Already before COVID-19 many apparel retailers began to close stores, following industry-wide trends where more than 16,000 stores were closed in the UK last year, according to Centre for Retail Research. Now with lockdowns, social distancing and economic disarray, consumer behaviour is changing even more swiftly to embrace new delivery models. Recent numbers from Wunderman Thompson Commerce state that 65 percent of consumers plan to use more digital shopping channels going forward.

And while last mile surveys show some retailers are following suit, with buy online/pick up in-store (BOPIS) adoption increasing, the apparel industry has been slow to adapt to these changing consumer preferences. Possibly due to many being uncertain about where to being their store transformation. While grocery retailers often have an existing electronic shelf label (ESL) system in their stores, the very nature of apparel stores, with price tags on individual items on hangers, have given them a different starting point for moving into Click & Collect.

But there are compelling reasons for apparel retailers to do so despite obstacles, and to do it swiftly. Many apparel retailers have stores in prime locations in cities across the globe, and for many of them, long leases now hamper their alternatives. By transforming their existing stores into so-called dark stores, they could operate Click & Collect centers for their own as well as for a variety of other businesses.

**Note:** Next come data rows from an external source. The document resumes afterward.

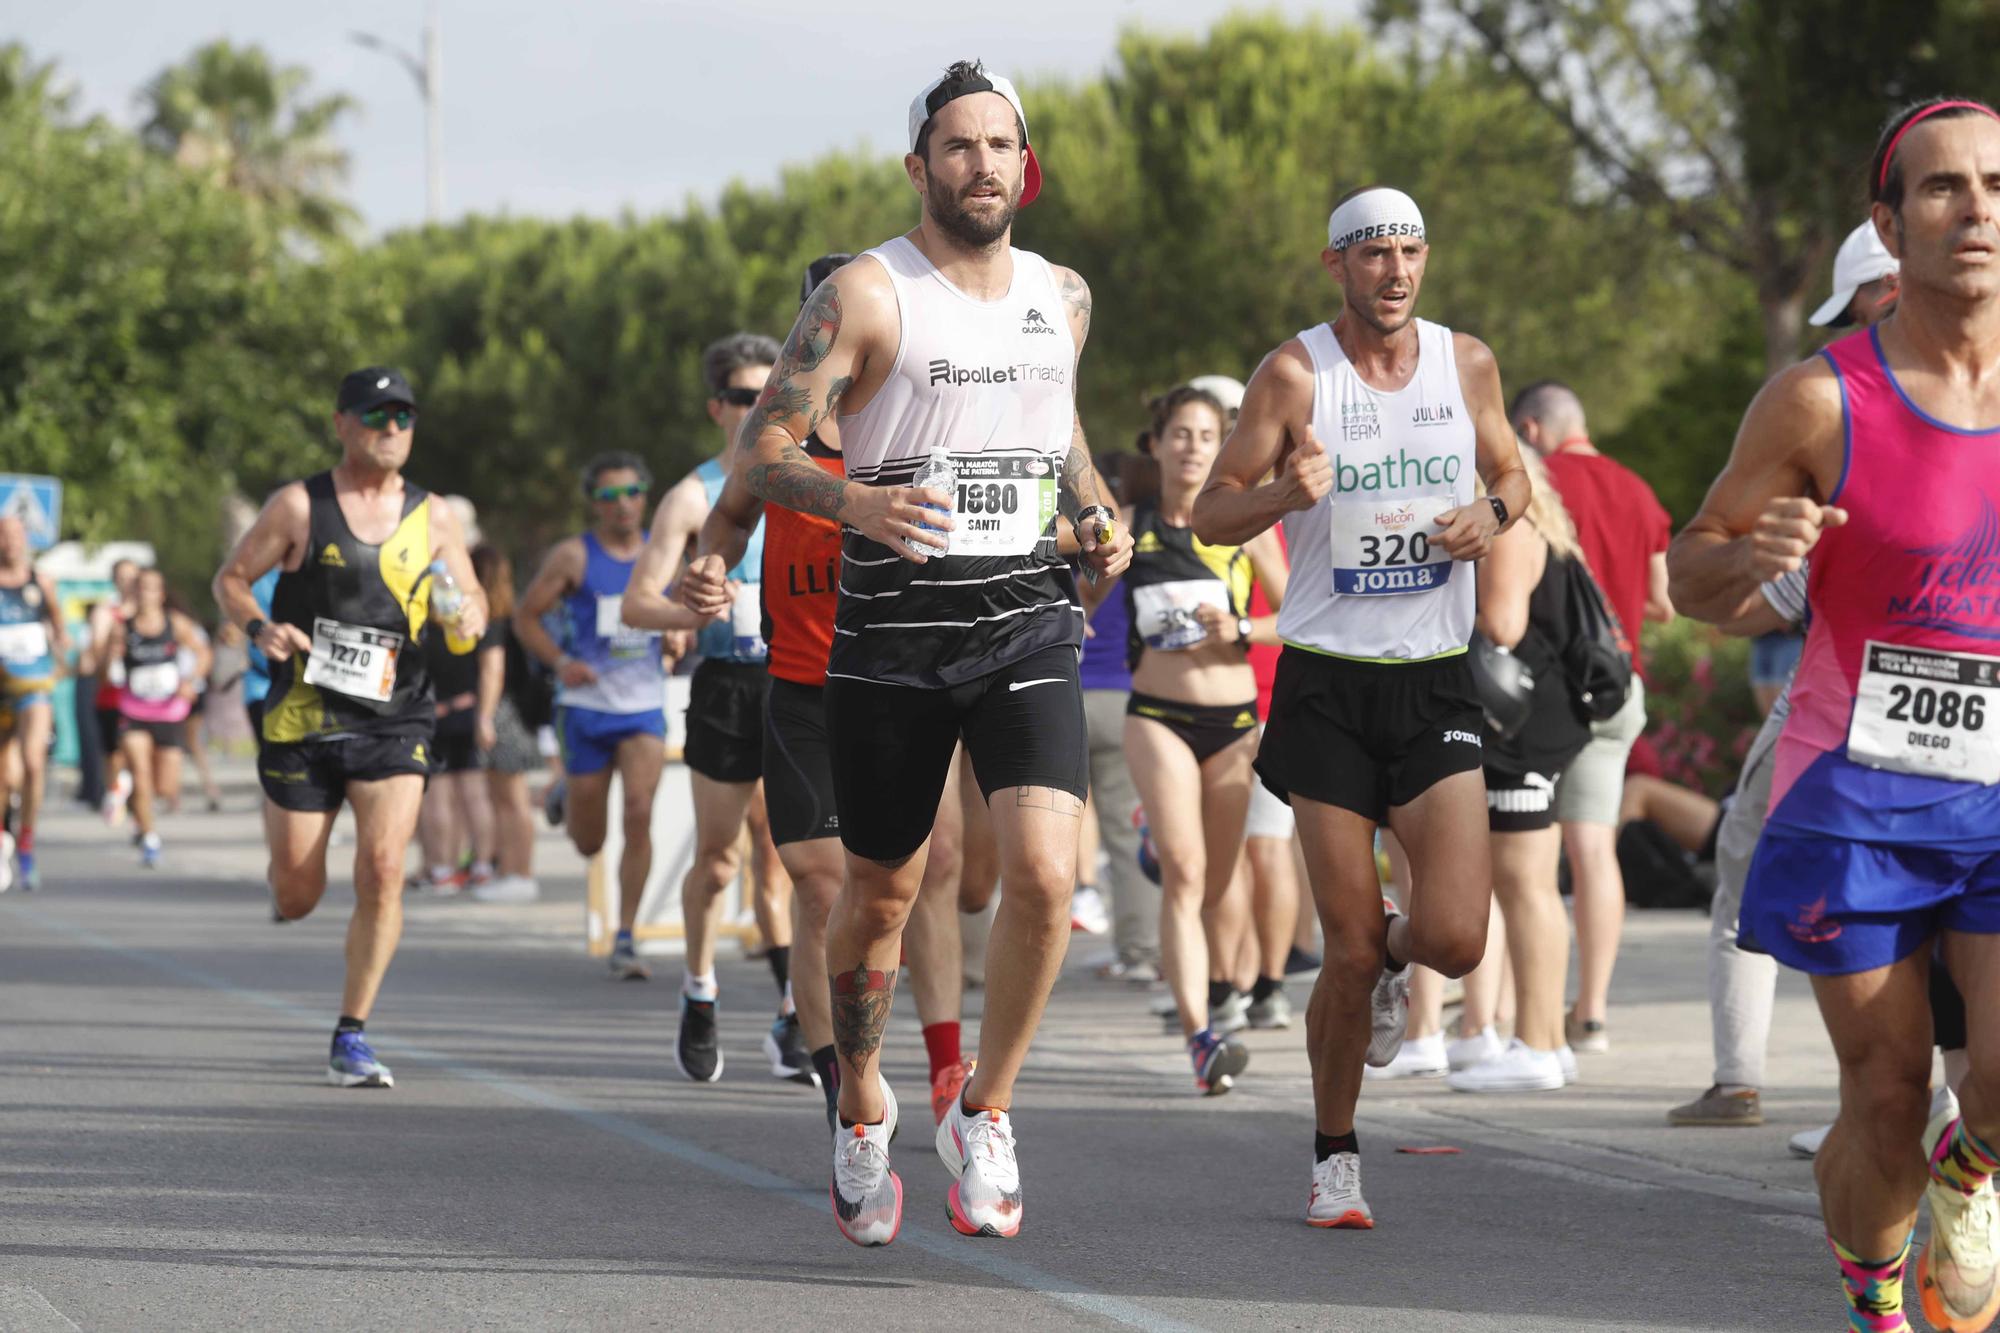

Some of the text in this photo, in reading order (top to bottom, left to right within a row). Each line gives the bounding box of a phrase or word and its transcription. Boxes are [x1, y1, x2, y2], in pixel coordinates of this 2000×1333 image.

[1412, 403, 1453, 422] JULIÁN
[1342, 424, 1381, 442] TEAM
[966, 459, 999, 468] MARATÓN
[971, 468, 1000, 476] PATERNA
[1336, 448, 1461, 493] bathco
[957, 483, 1018, 514] 1880
[968, 519, 1000, 531] SANTI
[1360, 532, 1430, 567] 320
[331, 642, 371, 668] 1270
[1886, 684, 1986, 731] 2086
[1908, 731, 1951, 749] DIEGO

As we mentioned apparel stores face specific challenges in doing this transformation. Most lack the electronic shelf labels that are the starting point of an effective dark store with Click & Collect infrastructure. So the first step for most apparel retailers will be to transform their existing store shelf structure, adding electronic shelf labels with flash functionality to shelves and hanger stands.

The next step is adopting the shelf label software to manage Click & Collect rather than replenishment, as you in simple terms do a reverse replenishment when you do Click & Collect. You also need to add barcode scanners and possibly trolleys for enabling the Click & Collect process. Some of the store routines need to be upgraded, with swifter replenishment and restocking frequency, as well as retraining the existing workforce to do effective order picking.

But it will likely be worth the effort. The apparel industry has some fantastic locations around the globe, many of them now closed or empty. Click & Collect offers an opportunity for the apparel industry to adapt to changing consumer preferences and create a delivery model that is in line with demand. Experiences from other parts of the retail industry show that this need not be particularly challenging and can be very rewarding, possibly leading to a revival of the role of flagship apparel stores.